→ ABOUT THIS TASK:
Transcribe all the entries word for word, omitting any pictures they contain.

Saved data entries:
○ ○ ○ ○ ○

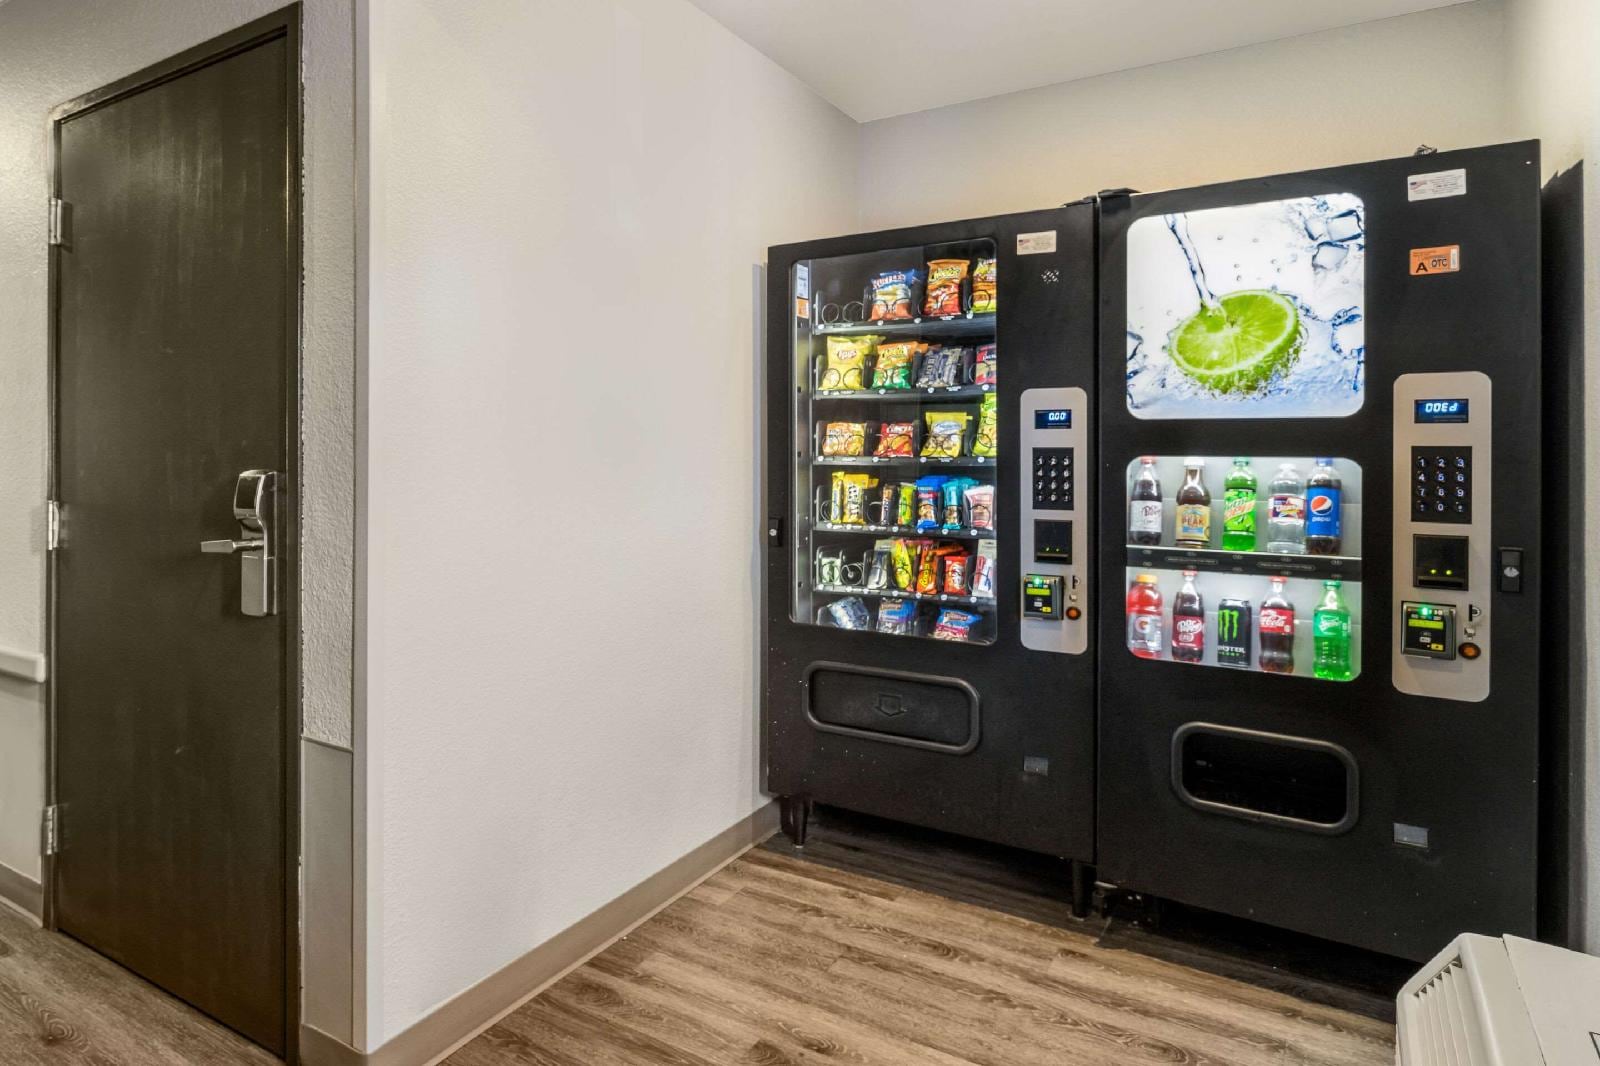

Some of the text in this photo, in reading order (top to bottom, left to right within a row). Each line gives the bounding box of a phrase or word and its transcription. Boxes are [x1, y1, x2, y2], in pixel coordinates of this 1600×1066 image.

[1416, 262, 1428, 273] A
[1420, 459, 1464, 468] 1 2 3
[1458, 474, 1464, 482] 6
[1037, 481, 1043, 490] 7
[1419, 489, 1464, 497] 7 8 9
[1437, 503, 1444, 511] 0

○ ○ ○ ○ ○

→ THE COMPLETED TASK:
Some of the text in this photo, in reading order (top to bottom, left to right within a row). Each line gives the bounding box of a phrase or word and its transcription. Boxes are [x1, y1, x2, y2], in pixel coordinates of this 1600×1066 image.

[1416, 262, 1428, 273] A
[1420, 459, 1464, 468] 1 2 3
[1458, 474, 1464, 482] 6
[1037, 481, 1043, 490] 7
[1419, 489, 1464, 497] 7 8 9
[1437, 503, 1444, 511] 0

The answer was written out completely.